I found myself thinking about my column for the Guardian on the American South and Climate Change. It astounds me that these articles are 5 years old, and it pains me to remember what I was feeling as I wrote them. I don’t speak for all climate journalists, but I know many of us write these pieces from an earnest, educated, heart-forward place.
You write hoping that you might contribute to a shift in thinking, that you might flip a light on for someone to get activated in the climate space, that you might save a person or a species or a landscape some modicum of suffering. But you also know you likely won’t.
Sometimes you break through, at least in terms of views. The most viral article I ever wrote - one of the Guardian’s Best of 2019 - warned of Florida’s looming real estate crisis. I wrote:
I spoke with a developer who wanted to remain anonymous, given business interests. He told me that he’s surprised that people are still buying, building and investing in coastal Florida. He estimated that a decade ago, only one in 10 buyers asked about the property elevation, or expressed concerns about rising seas. Today, nearly six of 10 ask and many decide not to buy in these same critical areas. “I’m worried we’re one bad storm away from a rush for the exits,” he told me.

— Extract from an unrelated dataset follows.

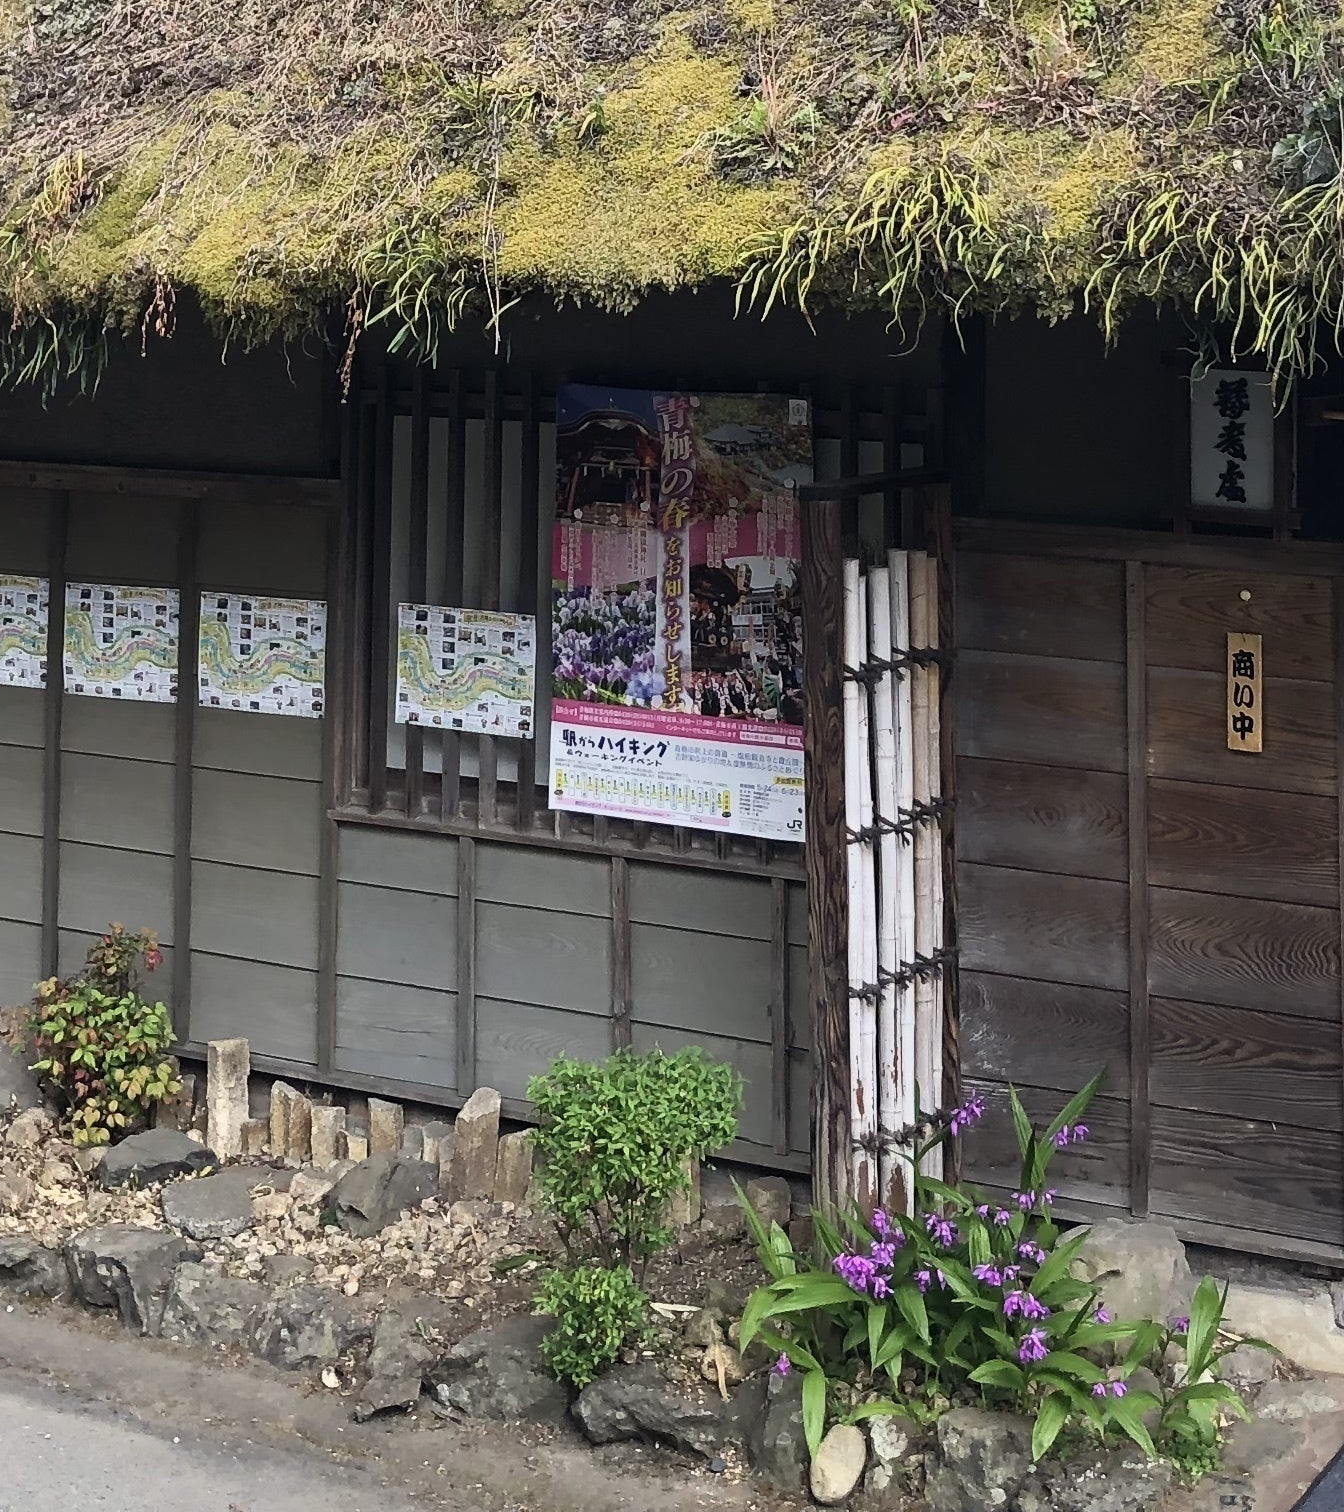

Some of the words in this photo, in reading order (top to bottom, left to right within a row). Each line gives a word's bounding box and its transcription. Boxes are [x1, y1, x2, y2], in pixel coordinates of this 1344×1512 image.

During that series, I also wrote about the psychological resilience of people living in hurricane-prone areas:
I thought that I might observe more of a cultural tipping point, an urgency in places that need it most. But I found that many members of coastal communities have built up psychological resilience after living through years of extreme weather.
Avoidance and denial are proven coping mechanisms. And, frankly, most people are just trying to work and get through the day, and express concern for the future differently, from off-record conversations to outright advocacy. But continuing to reckon with a science-based reality – as painful and worry-inducing as it might be – is an important step toward informing meaningful, individual action.
Home is an emotional commitment. We’re an adaptable species, but also habitual and sentimental; that’s one reason we’re stuck in denial. It’s the reason change is going to hurt so much.
and:
I’ve long felt America, particularly the south, where I grew up, is in the “denial” stage of grief when it comes to our psychological response to climate change.
The sixth mass extinction has begun, our oceans are warming 40% faster than scientists anticipated, and the US’s carbon dioxide emissions rose 3.4% in 2018. How, I wonder, is everyone so calm? So business-as-usual?
Maybe the calm is wearing off.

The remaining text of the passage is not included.